Menzilden menzile; Erenler’den Erenler’e

Menzilden menzile; Erenler’den Erenler’e

Depremin sene-i devriyesinden iki gün evvel 15 Ağustos (2009) günü bir kafilede dört kafadar olarak yola revan olduk. İstikamet Akşemseddin ve son durak Erenler. Çıkış noktamız ise Adapazarı Erenler semti. Son güzergahımız ise Deveyen önlerindeki diğer Erenler. Yolculuğumuz tam 16 saat sürüyor. Mevlit nazımının veya bir başka anonim şairin söylediği gibi bu yolculukta nice acepler gördük. Yani Allah vergisi inanılamaz güzellikler. Cumartesi günü sabah erkenden hep birlikte Erenler’den yola koyulduk. Rotamız ve istikametimiz Ali Fuat Paşa’ya uğrayarak oradan Geyve-Taraklı istikametinde yol almak ve ardından şerefu’l mekanı bilmekin/mekanın şerefi orada ikamet edenle, oturanla kaimdir sırrının tezahür ettiği Akşemseddin ile birlikte yücelen Göynük’e vasıl olmaktı. Ardından ver elini Mudurnu. Cumartesi Mudurnu’da pazar kurulur. Mudurnu benim oldum olası göz ağrımdır. Çocuklukta pazar için büyüklerimiz cuma günleri Taşkesti’ye, cumartesi günleri de Mudurnu’ya giderlerdi. Benim için yeşilliklerle dolu çevreyi temaşa ede ede Mudurnu pazarına gitmek doyumu olmayan bir zevkti. Ve çocukluğumdan kalan bir hatıra da, bazı mevsimlerde bu kazamızda panayırların kurulmasıydı. Panayırlarda enva-i çeşit yiyecek, giyecek, şekerleme satılır ve çocuklar için atlı karıncalar kurulurdu. Panayırdan eve akşamüzeri tatlı bir yorgunlukla dönerdik. Şimdi bu geleneğin yerinde yeller esiyor. Nedeni ulaşımın kolaylaşması ve insanların başka şehirlere de rahatlıkla gidebilmesi olmalı. Yine çocukluğumun güzelliklerinden biri olan ve Abant çevresindeki bütün köylerin iştirak ettiği Abant bayramı da tarihe karışan gelenekler arasında. Temmuz ayındaki bu bayrama birkaç defa katıldığımı hatırlıyorum. O gün herkes ulaşım vasıtası olan üstü açık kamyonlara biner ve açık havada orman içinde ve dallar arasında seyahat ederdi.

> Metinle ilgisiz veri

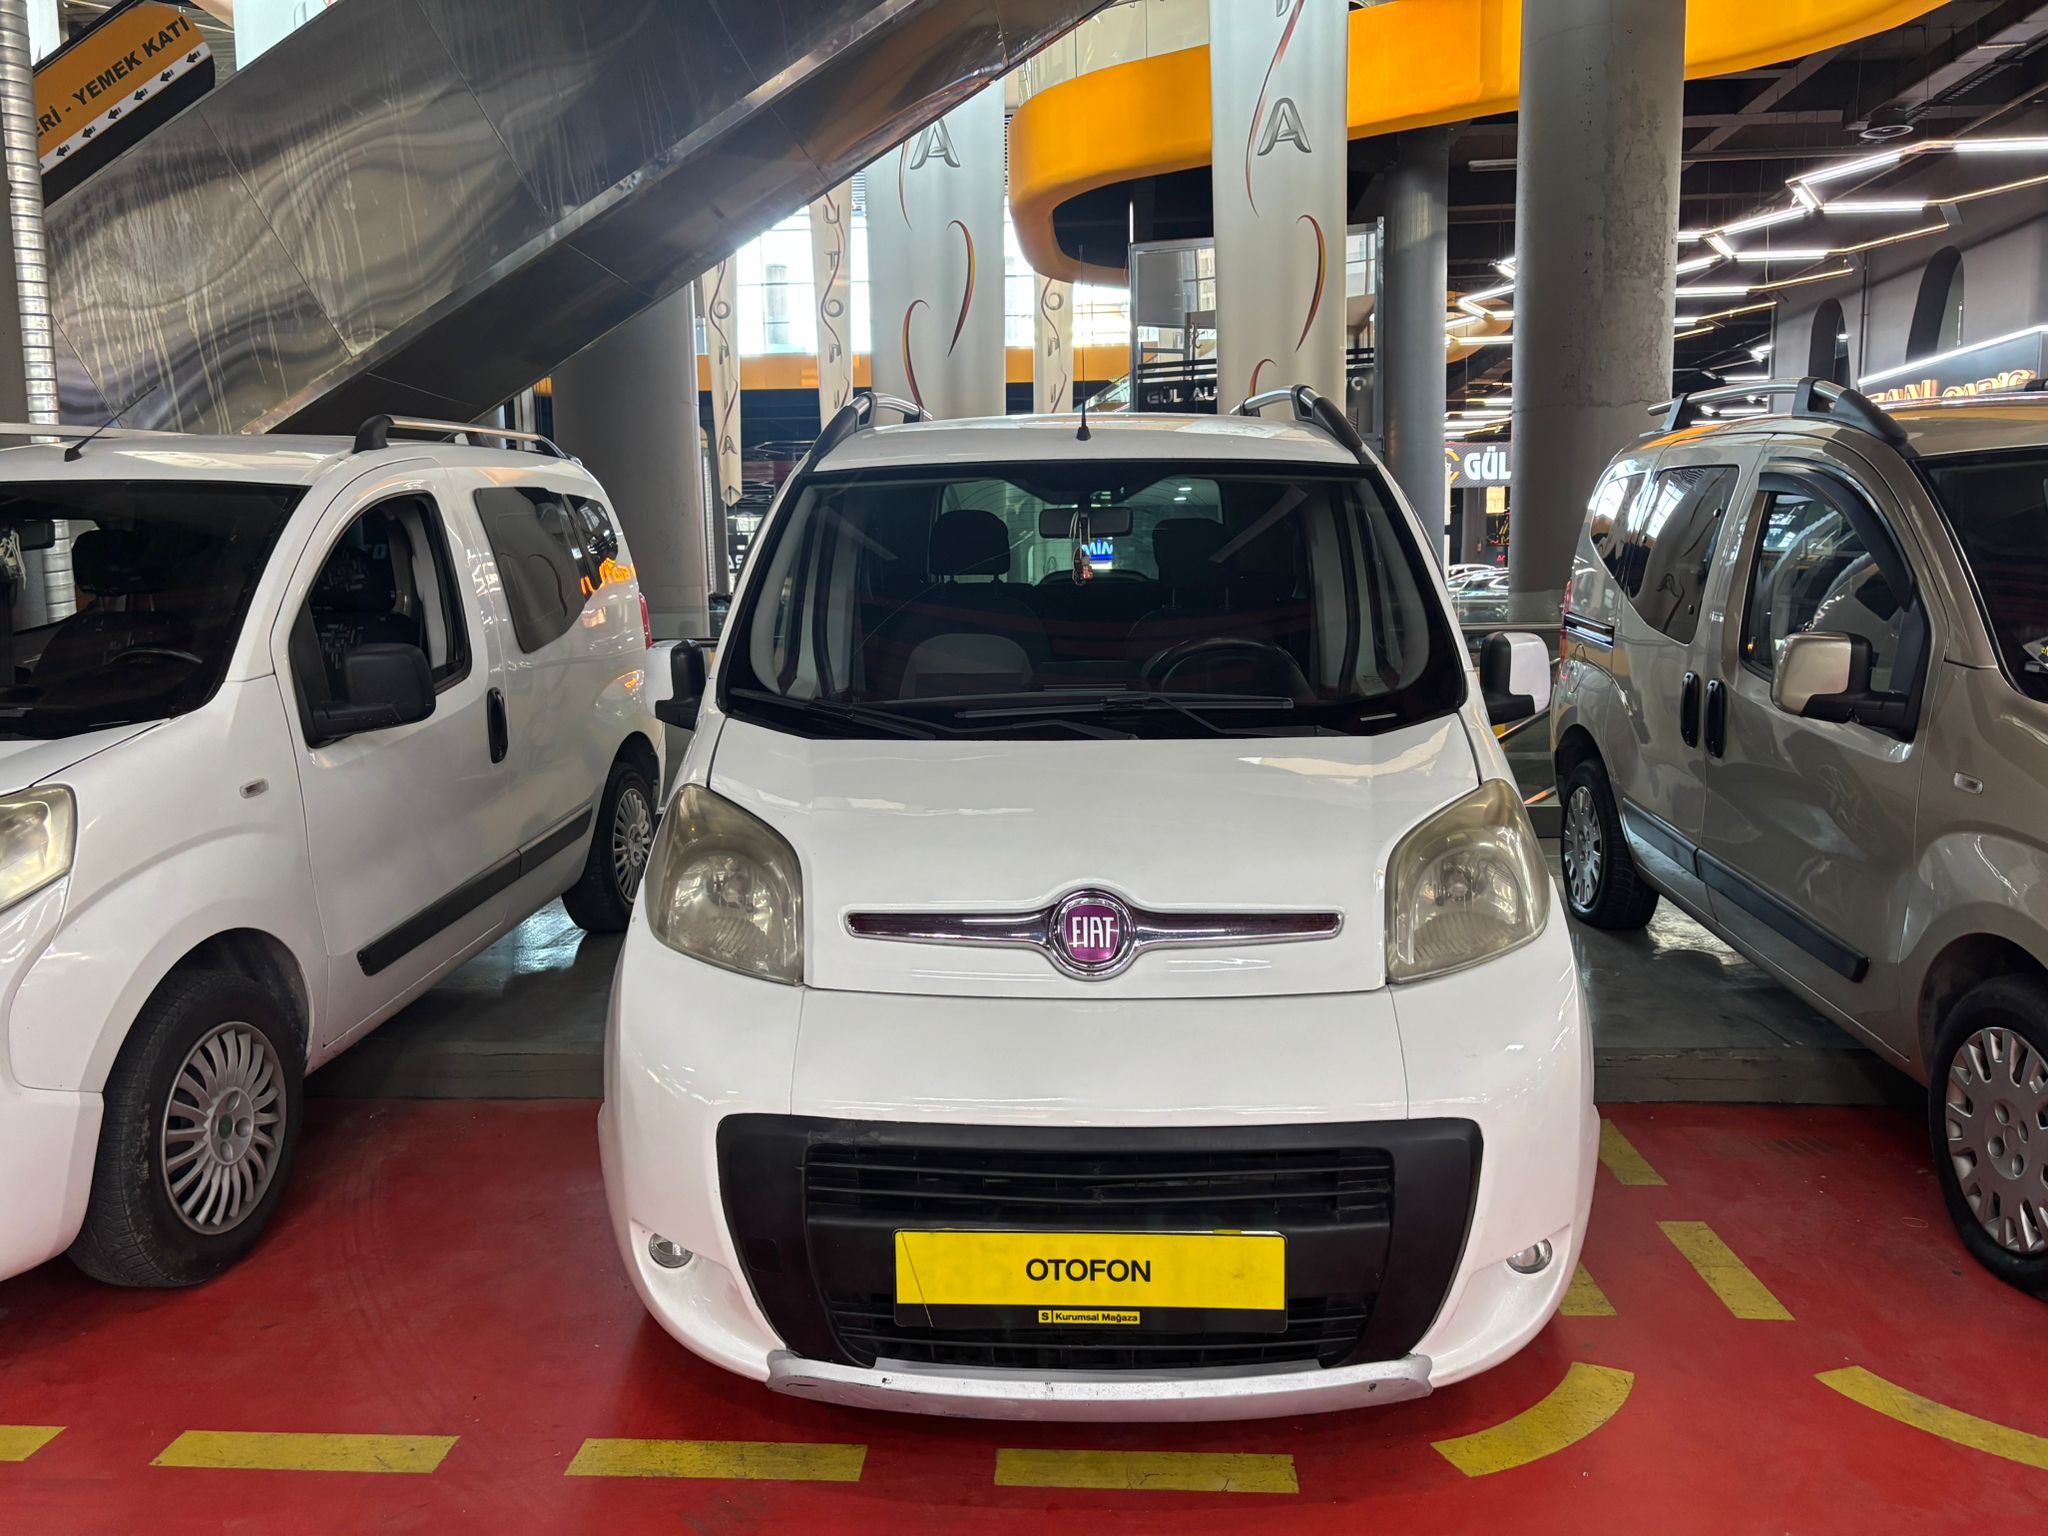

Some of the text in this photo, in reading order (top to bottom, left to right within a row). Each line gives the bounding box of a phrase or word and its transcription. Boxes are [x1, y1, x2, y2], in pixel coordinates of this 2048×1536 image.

Yola çıktık ve Geyve ovası istikametinde seyrediyoruz. Düz bir ova. Zaman zaman yükseliyoruz ve sonunda Sakarya kıyılarında olan Ali Fuat Paşa’ya ulaştık ve burada önce sabah serinliğinde mercimek çorbasıyla midemizi ısıttık. Lokantacı beni tanımış ve övünmek gibi olmasın bizim biradere “Derya gibi adam” demiş. Adamın iltifatından hem memnun hem de mahcup oluyoruz. Sonra şehre hakim olan meydan kahvehanesine oturuyor ve çaylarımızı yudumluyoruz. Böyle bir cesamette ve devasa kahveye çoktandır rastlamış değilim. Kahvenin karşısında bir cami görünüyor ve Ali Fuat Cebesoy burada medfun imiş. Biraz sonra camiyi ve haziresinde yatan Ali Fuad Paşa’yı ziyaret ettik. Fatihalardan sonra Sakarya kıyısına yaslanmış bir kahveye daha gittik. Mola verip çay içmedik ama kıyısından Sakarya’nın şırıltısını ve akışını seyre dalıp gittik. Bir daha gelirsek çayları burada içmek üzere sözleşerek oradan ayrılıyoruz. Şimdi Taraklı istikametinde seyrediyoruz. Taraklı’ya ilk defa gideceğim. Doğrusu adını sanını duyuyor ama tam olarak nerede olduğunu bilmiyordum. Geçenlerde Fahri Tuna yedi yüz yıllık bir pilav geleneği olduğunu yazdı. Demek ki orada Taraklı, Göynük ve Mudurnu bu ortak geleneğin parçaları. Mudurnu’nun kendisine has Ahilikten kalma geleneklerinden birisi sela ile Cuma namazı arasında esnafın duaya çıkmasıdır. Bu hâlâ sürüyor ve Mudurnu’ya vasıl olduğumuzda kafileden Fikret Çelikateş yer tayininde bulunuyor.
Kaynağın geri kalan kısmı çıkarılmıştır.